**What you should do**
Transcribe every entry that follows exactly, omitting all pictures.

Saved data entries:
---+---

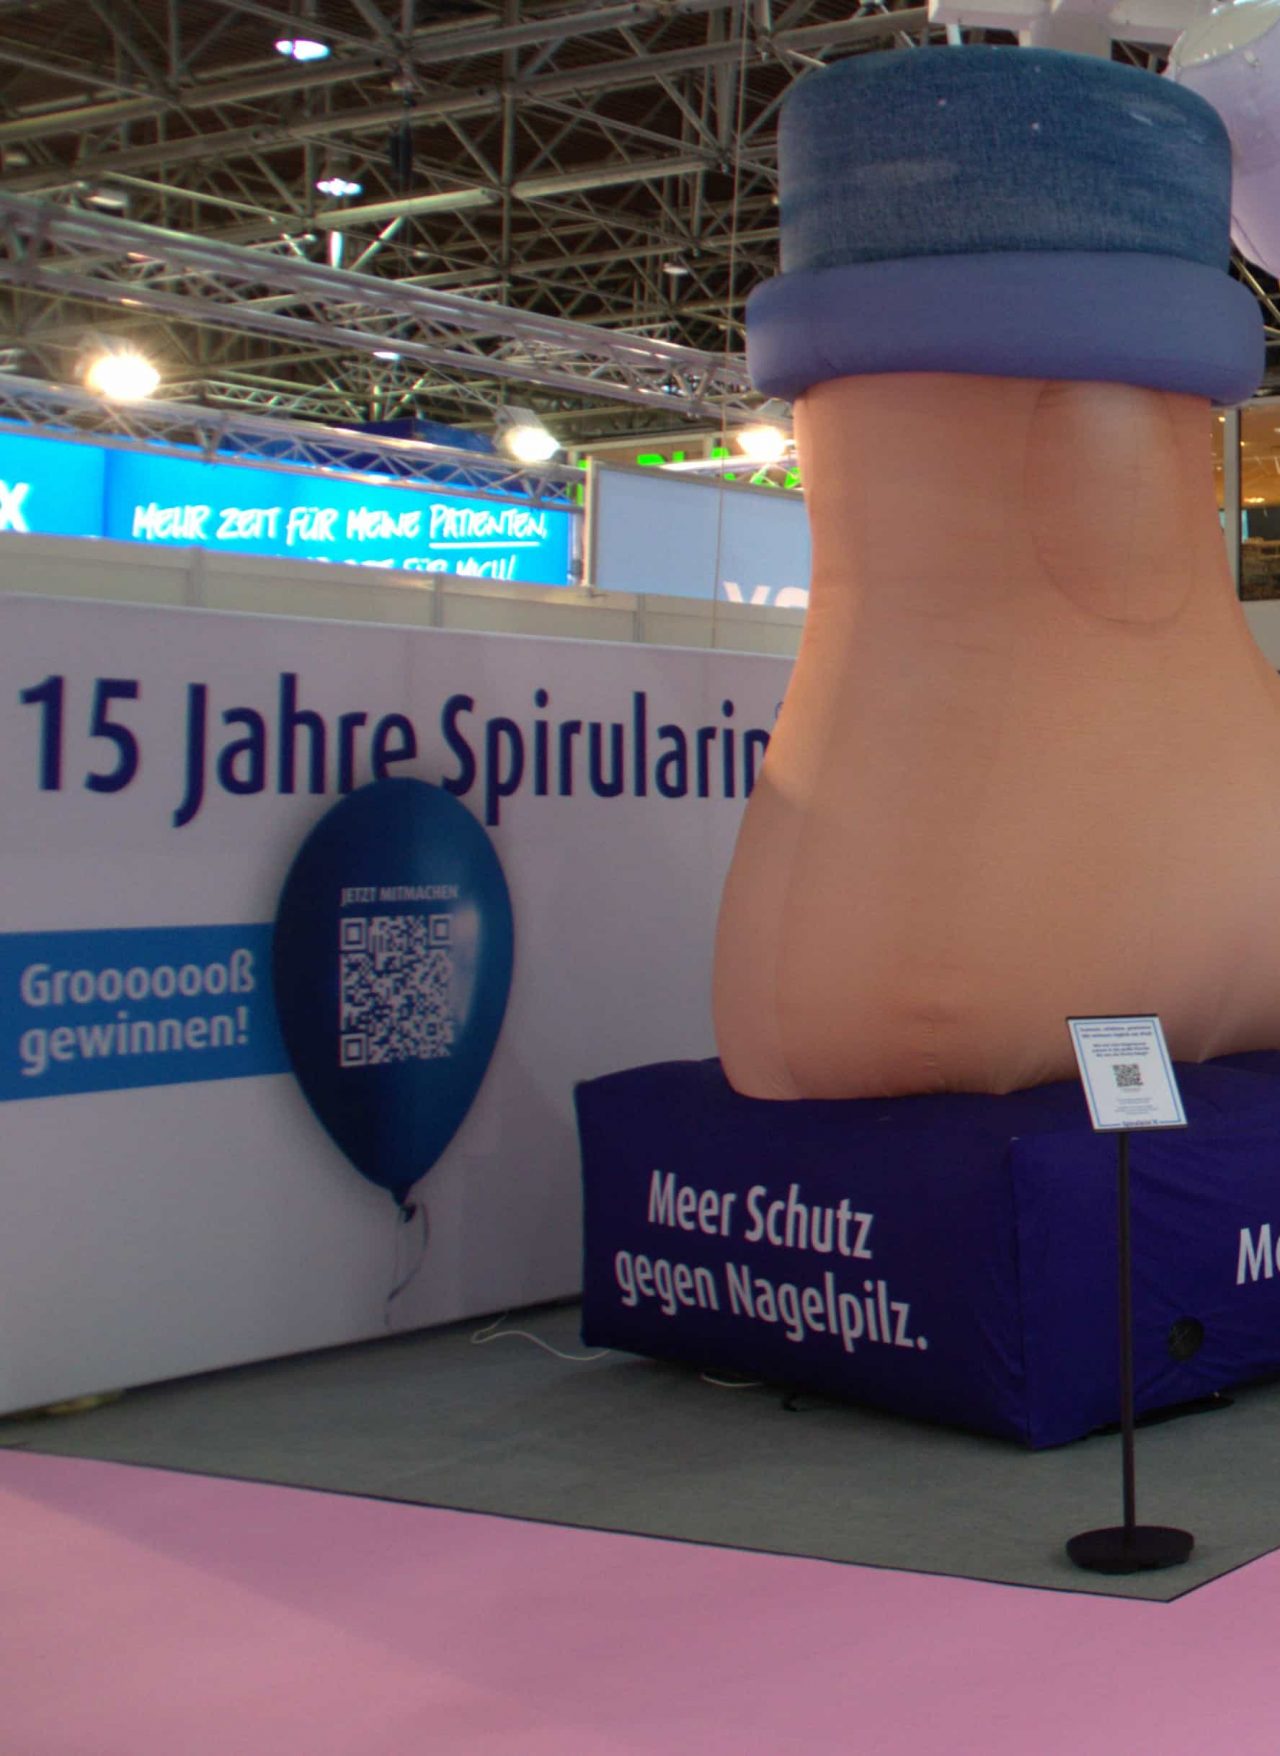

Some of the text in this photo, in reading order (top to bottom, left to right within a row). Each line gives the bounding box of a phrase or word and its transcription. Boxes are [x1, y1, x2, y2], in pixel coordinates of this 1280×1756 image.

[18, 671, 774, 829] 15 Jahre Spirularin
[341, 884, 459, 908] JETZT MITMACHEN
[20, 948, 256, 1007] Grooooooß
[18, 1005, 249, 1077] gewinnen!
[647, 1169, 874, 1260] Meer Schutz
[614, 1250, 929, 1353] gegen Nagelpilz.
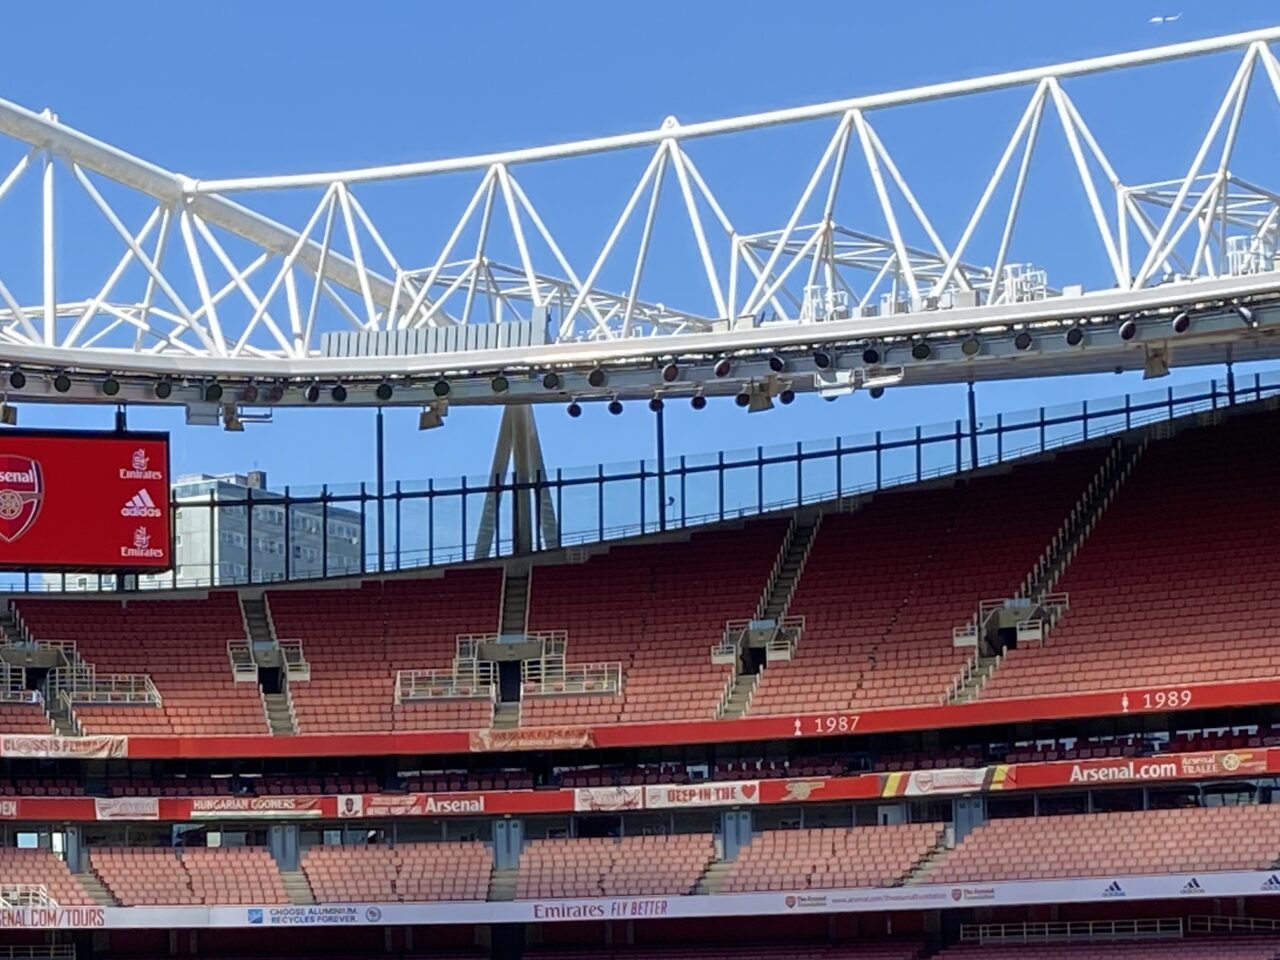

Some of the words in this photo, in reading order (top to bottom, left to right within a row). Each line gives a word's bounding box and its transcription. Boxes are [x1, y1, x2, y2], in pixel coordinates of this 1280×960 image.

[120, 469, 163, 480] Emirates
[121, 507, 162, 518] adidas
[121, 546, 164, 557] Emirates
[1143, 690, 1192, 709] 1989
[814, 716, 860, 733] 1987
[1070, 762, 1177, 782] Arsenal.com
[667, 789, 696, 803] DEEP
[698, 789, 712, 800] IN
[714, 786, 737, 800] THE
[193, 800, 248, 809] HUNGARIAN
[251, 799, 296, 809] GOONERS
[425, 796, 485, 813] Arsenal
[533, 902, 604, 919] Emirates
[610, 901, 628, 916] FLY
[630, 900, 668, 915] BETTER
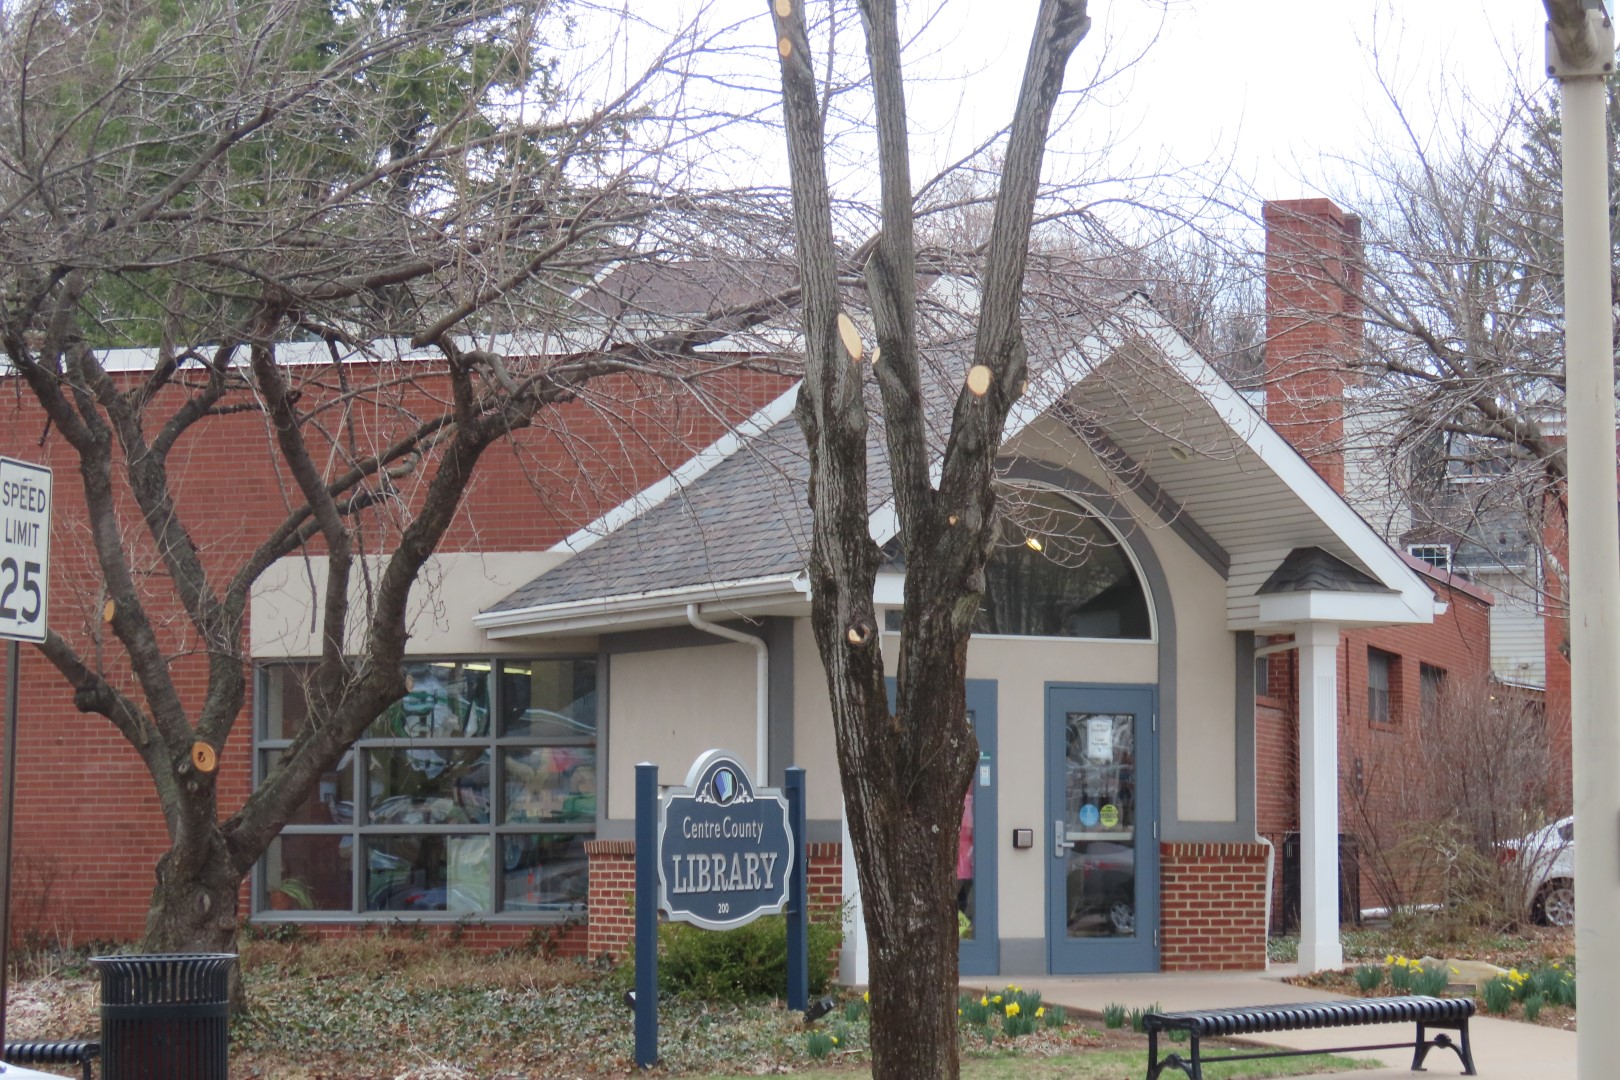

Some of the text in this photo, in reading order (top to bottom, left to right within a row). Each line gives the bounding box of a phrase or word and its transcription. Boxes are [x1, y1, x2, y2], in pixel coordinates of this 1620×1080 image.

[3, 481, 46, 513] SPEED
[5, 517, 40, 548] LIMIT
[0, 557, 41, 623] 25
[683, 816, 764, 844] Centre County
[672, 852, 778, 894] LIBRARY
[718, 903, 729, 914] 200
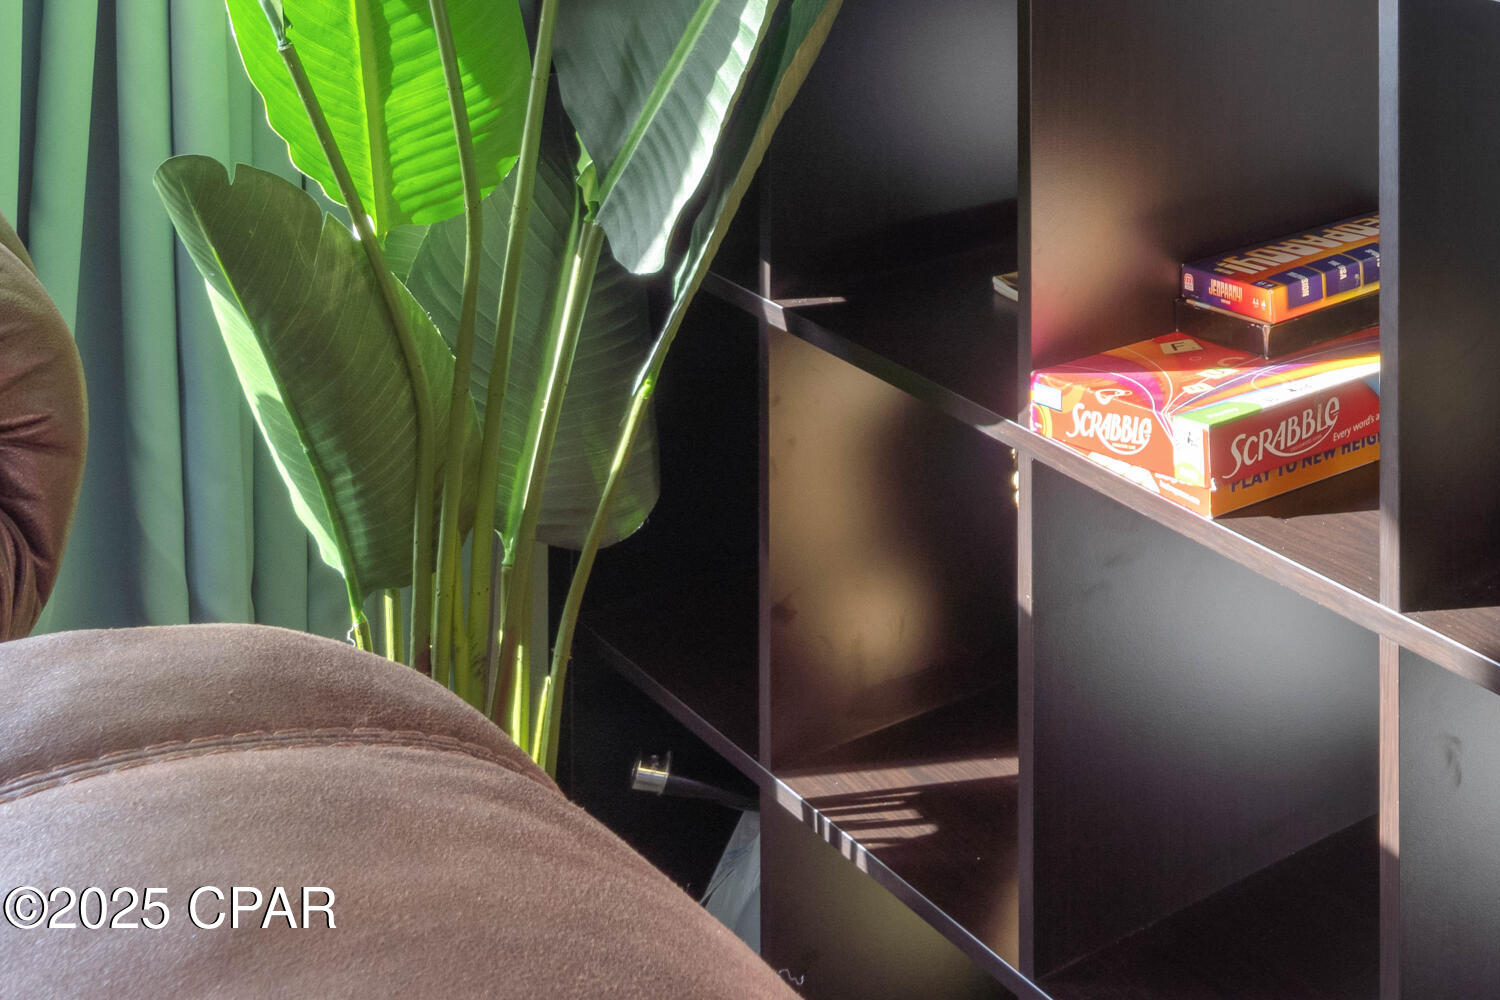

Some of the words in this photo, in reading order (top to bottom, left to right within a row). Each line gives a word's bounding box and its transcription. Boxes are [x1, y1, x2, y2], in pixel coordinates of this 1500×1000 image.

[1066, 402, 1152, 450] SCRABBLE
[1222, 397, 1340, 478] SCRABBLE
[1333, 427, 1351, 442] Every
[1353, 415, 1375, 431] word's

---+---

**Written solution**
Some of the text in this photo, in reading order (top to bottom, left to right within a row). Each line gives the bounding box of a phrase or word and its transcription. Boxes are [x1, y1, x2, y2], in pixel coordinates of this 1280×1756 image.

[18, 671, 774, 829] 15 Jahre Spirularin
[341, 884, 459, 908] JETZT MITMACHEN
[20, 948, 256, 1007] Grooooooß
[18, 1005, 249, 1077] gewinnen!
[647, 1169, 874, 1260] Meer Schutz
[614, 1250, 929, 1353] gegen Nagelpilz.

Some of the words in this photo, in reading order (top to bottom, left to right within a row). Each line gives a word's bounding box and its transcription. Boxes are [x1, y1, x2, y2], in pixel coordinates of this 1280×960 image.

[120, 469, 163, 480] Emirates
[121, 507, 162, 518] adidas
[121, 546, 164, 557] Emirates
[1143, 690, 1192, 709] 1989
[814, 716, 860, 733] 1987
[1070, 762, 1177, 782] Arsenal.com
[667, 789, 696, 803] DEEP
[698, 789, 712, 800] IN
[714, 786, 737, 800] THE
[193, 800, 248, 809] HUNGARIAN
[251, 799, 296, 809] GOONERS
[425, 796, 485, 813] Arsenal
[533, 902, 604, 919] Emirates
[610, 901, 628, 916] FLY
[630, 900, 668, 915] BETTER

Some of the text in this photo, in reading order (top to bottom, left to right within a row). Each line gives the bounding box of a phrase or word and its transcription. Boxes are [x1, y1, x2, y2], in pixel coordinates of this 1620×1080 image.

[3, 481, 46, 513] SPEED
[5, 517, 40, 548] LIMIT
[0, 557, 41, 623] 25
[683, 816, 764, 844] Centre County
[672, 852, 778, 894] LIBRARY
[718, 903, 729, 914] 200

Some of the words in this photo, in reading order (top to bottom, left to right within a row). Each line gives a word's bounding box and its transcription. Boxes are [x1, y1, x2, y2], in pixel coordinates of this 1500×1000 image.

[1066, 402, 1152, 450] SCRABBLE
[1222, 397, 1340, 478] SCRABBLE
[1333, 427, 1351, 442] Every
[1353, 415, 1375, 431] word's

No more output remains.